Experience with the pandemic and revelations of the government's dependence on unaccountable contractors and consultants confirms that the general issue of outsourcing for accountability needs revisiting. Transparency, it should be remembered, is not totally lacking. The AusTender list of contracts awarded, itself the result of earlier parliamentary demands for greater accountability, may be brief and inadequate but it does at least provide a toehold for further scrutiny. It is thanks to AusTender that we now know that the government has spent certain large sums on certain companies and individuals for certain vaguely defined services. These bare facts enable journalists and non-government senators to expose the extravagance of government departments and publicly shame consultants and contractors who would much rather their names remained in the shadows. The government is committed to updating and streamlining its reporting of contracts, with improved transparency one of the stated aims. But it is unlikely to publish the sort of detailed information that would allow proper exposure of consultants' inadequacies.
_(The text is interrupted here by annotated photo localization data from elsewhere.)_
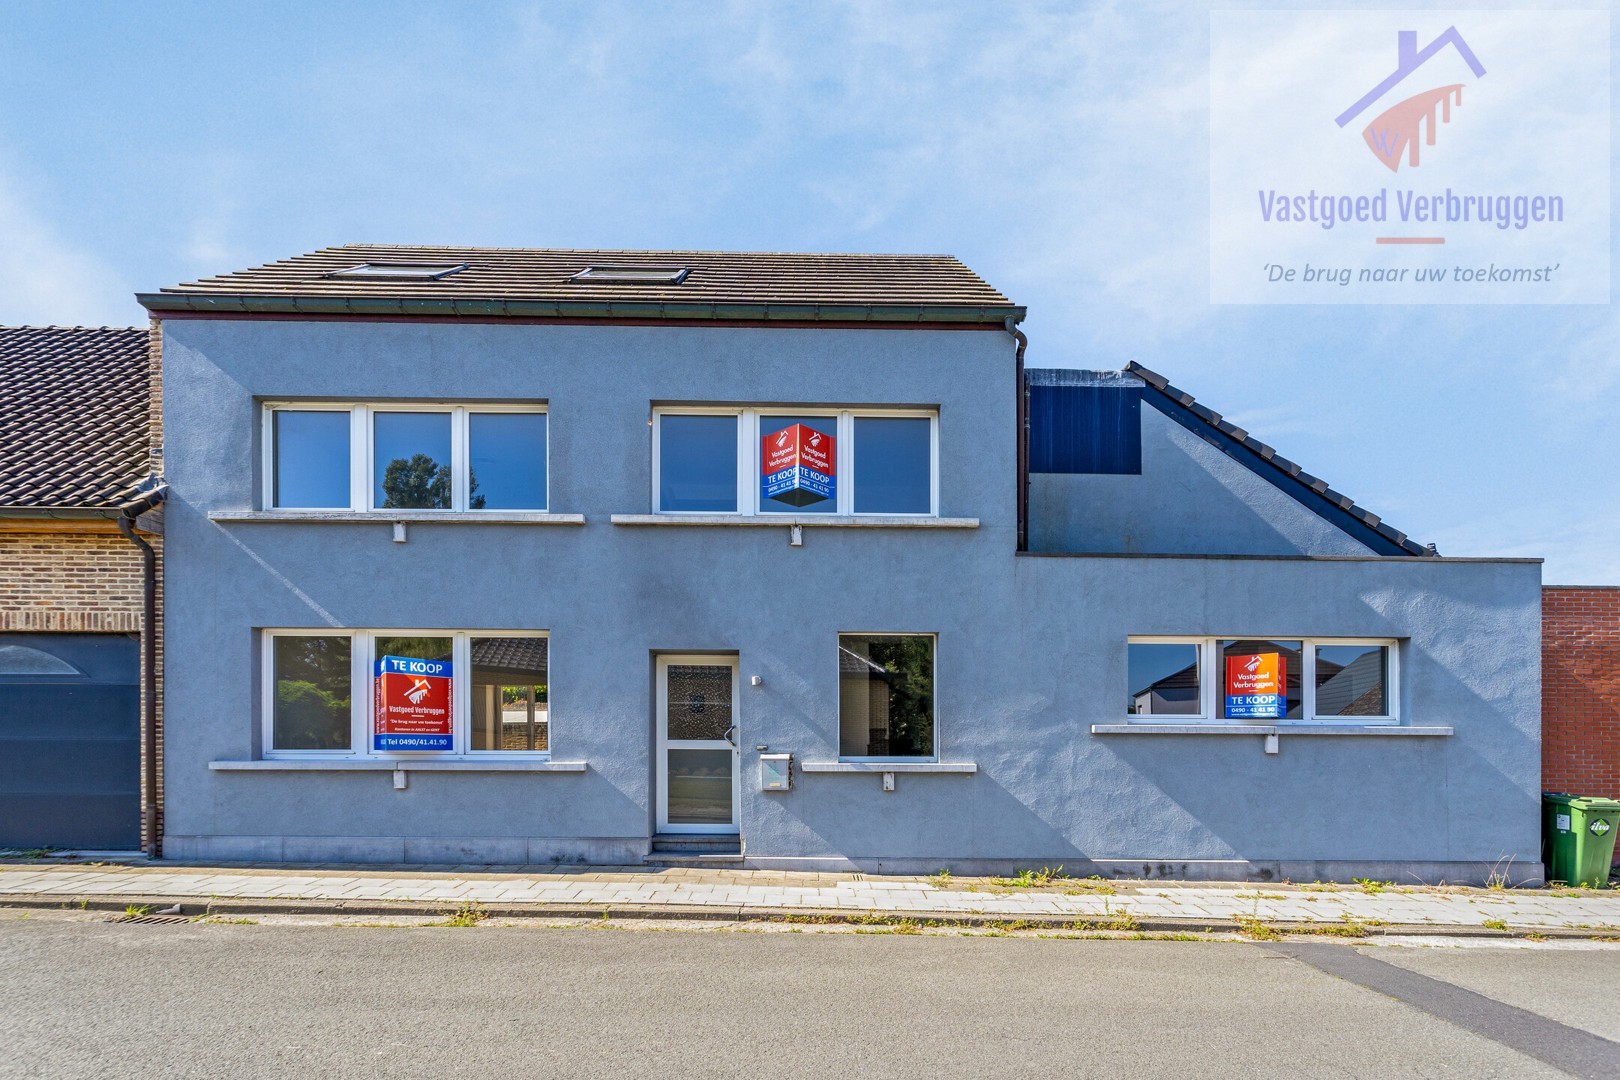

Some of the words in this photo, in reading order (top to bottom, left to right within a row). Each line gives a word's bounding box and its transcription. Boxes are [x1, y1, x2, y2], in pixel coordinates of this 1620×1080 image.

[772, 444, 794, 458] Vastgoed
[804, 445, 826, 458] Vastgoed
[768, 454, 796, 467] Verbruggen
[801, 452, 828, 468] Verbruggen
[768, 475, 776, 483] TE
[778, 468, 796, 480] KOOP
[800, 467, 808, 476] TE
[811, 471, 829, 484] KOOP
[392, 660, 406, 670] TE
[410, 662, 442, 673] KOOP
[1238, 672, 1270, 681] Vastgoed
[1246, 696, 1275, 704] KOOP
[415, 706, 444, 715] Verbruggen
The need now is to enable external scrutiny to delve into the internal activities of contracting companies and their relation with government. The general principle remains clear: government contracts involve the expenditure of public funds authorised by Parliament. Taxpayers and their representatives have a right to inquire whether these funds are being properly spent. There may be legitimate reasons for secrecy, such as national security, cabinet confidentiality and the right of commercial companies not to disclose information that might damage their competitiveness. But these exemptions are exceptions. The default position should be that the public have a right to know.
For instance, as a condition of taking on lucrative government contracts, all contractors could be made subject to freedom of information legislation, which already includes its own generous set of exemptions. Contractors could also be subject to government audit, with the auditor-general allowed to "follow the money" and conduct performance audits. Representatives of contracting companies could be required to attend relevant parliamentary committees as matter of course.
In some service areas where outsourcing has become institutionalised, such as prisons and social assistance, external contractors have already become accustomed to a greater degree of accountability for their actions. Other contractors dealing directly with government, including the major multinational consultancies, could be made to follow suit.
The major resistance is likely to come from the government side, and not just ministers. Senior public servants have an aversion to transparency, as is evident from their systemic undermining of FOI and their reluctance to give prompt or expansive answers to questions from parliamentary committees. For them, "commercial-in-confidence" is often a cover for "politically embarrassing-in-confidence'" and the secrecy surrounding outsourcing is one of its greatest attractions.
Parliament, particularly the Senate, needs to take the initiative. As contractors are likely to remain an integral part of government, they should, wherever possible, be subject to the same accountability framework as public servants.